- [Data]
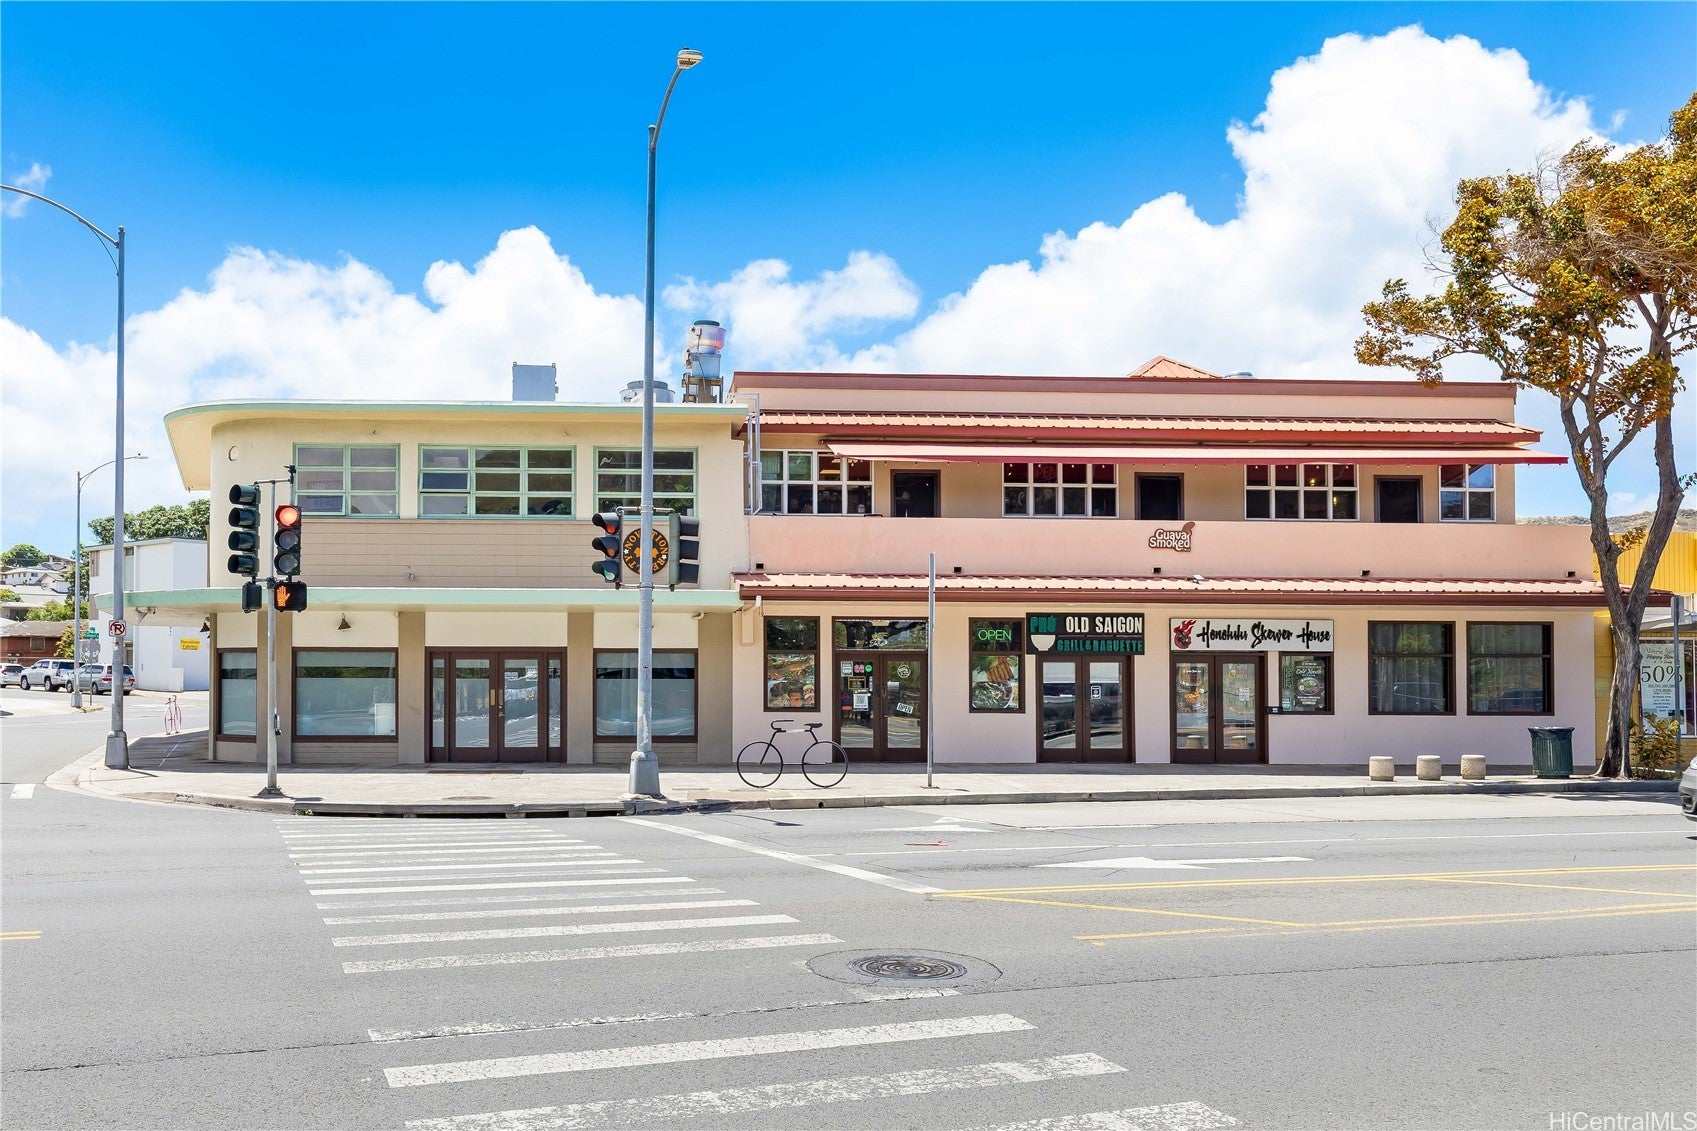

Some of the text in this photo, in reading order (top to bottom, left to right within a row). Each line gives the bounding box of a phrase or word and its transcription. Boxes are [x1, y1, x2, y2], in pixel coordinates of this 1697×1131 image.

[1149, 533, 1191, 550] Smoked
[1156, 529, 1187, 540] Guava
[624, 555, 665, 573] RETY
[1065, 616, 1090, 633] OLD
[1095, 616, 1143, 633] SAIGON
[978, 629, 1012, 641] OPEN
[1196, 620, 1331, 649] Honolulu Skewer House
[1641, 665, 1683, 683] 50%
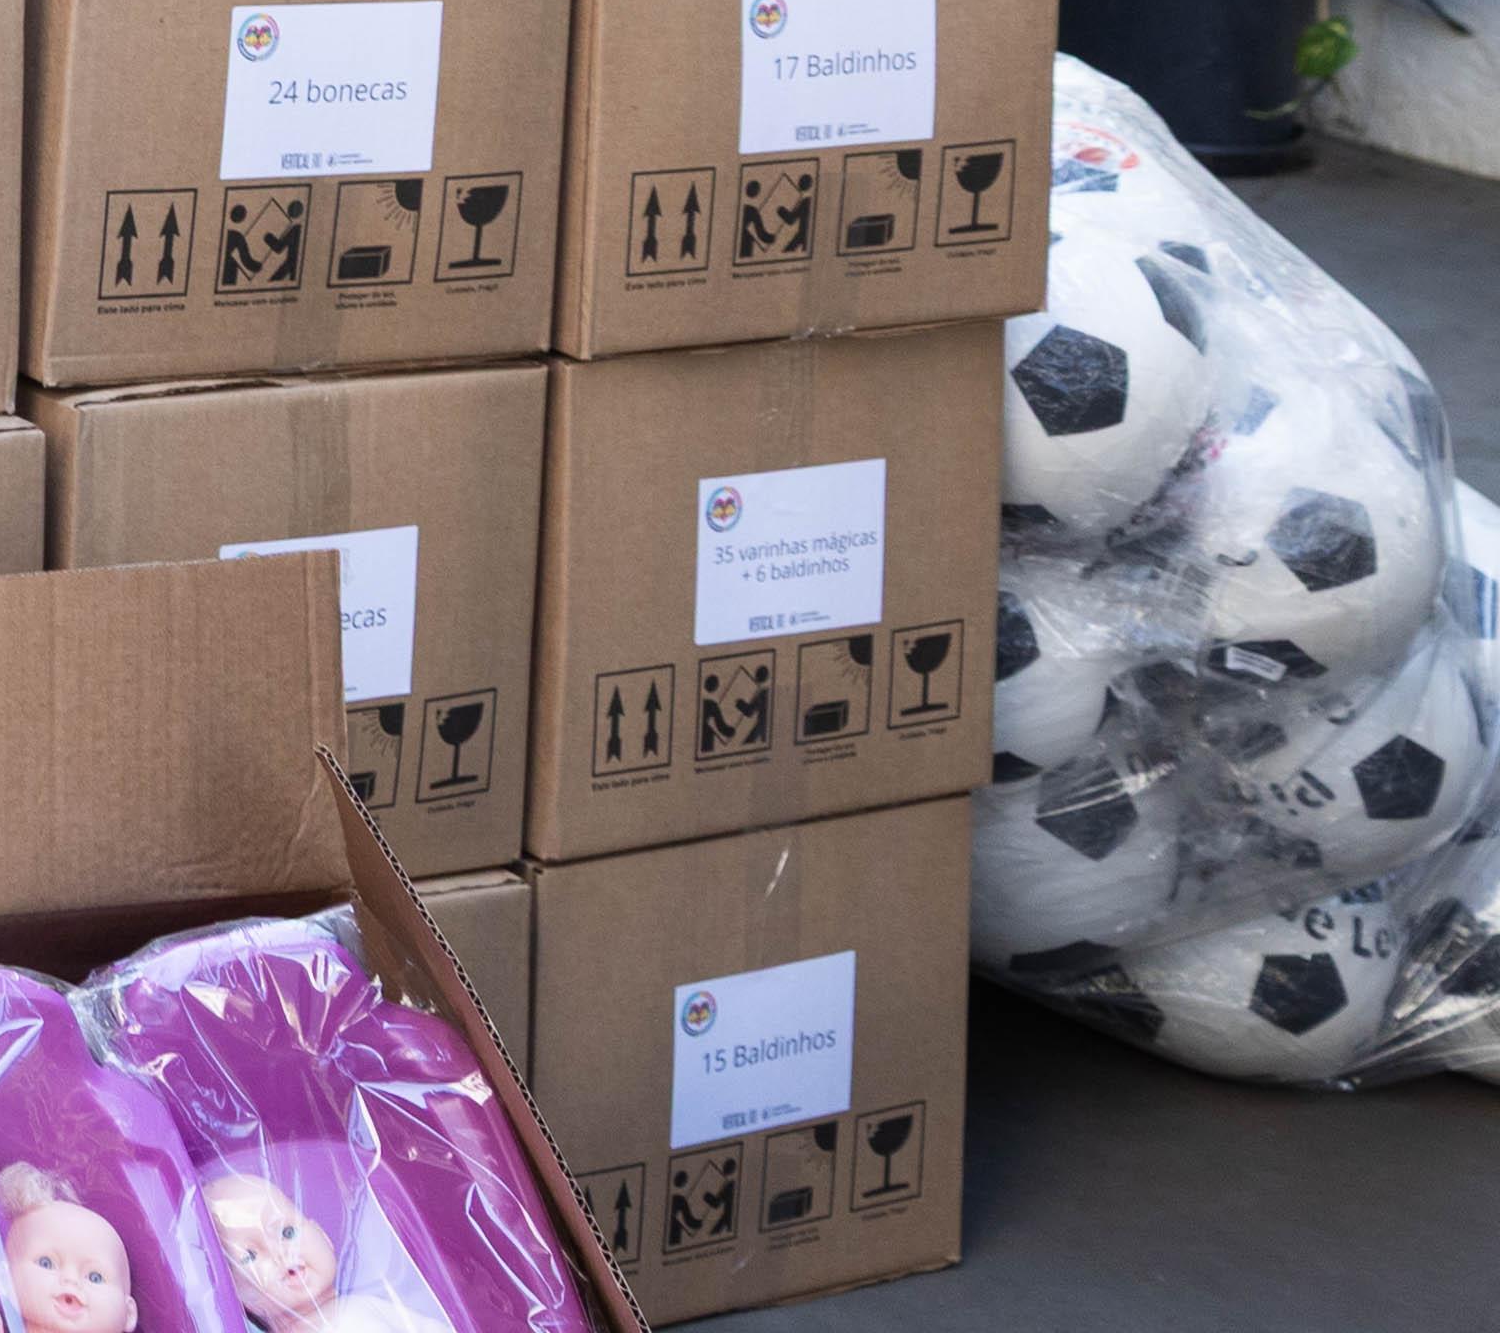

- [How to complete this task]
In your copy of the records above, include every line exactly but no pictures.

- [Solution to this problem]
Some of the text in this photo, in reading order (top to bottom, left to right within a row). Each line gives the bounding box of a phrase or word and its transcription. Boxes are [x1, y1, x2, y2], in pixel coordinates of this 1697×1131 image.

[1149, 533, 1191, 550] Smoked
[1156, 529, 1187, 540] Guava
[624, 555, 665, 573] RETY
[1065, 616, 1090, 633] OLD
[1095, 616, 1143, 633] SAIGON
[978, 629, 1012, 641] OPEN
[1196, 620, 1331, 649] Honolulu Skewer House
[1641, 665, 1683, 683] 50%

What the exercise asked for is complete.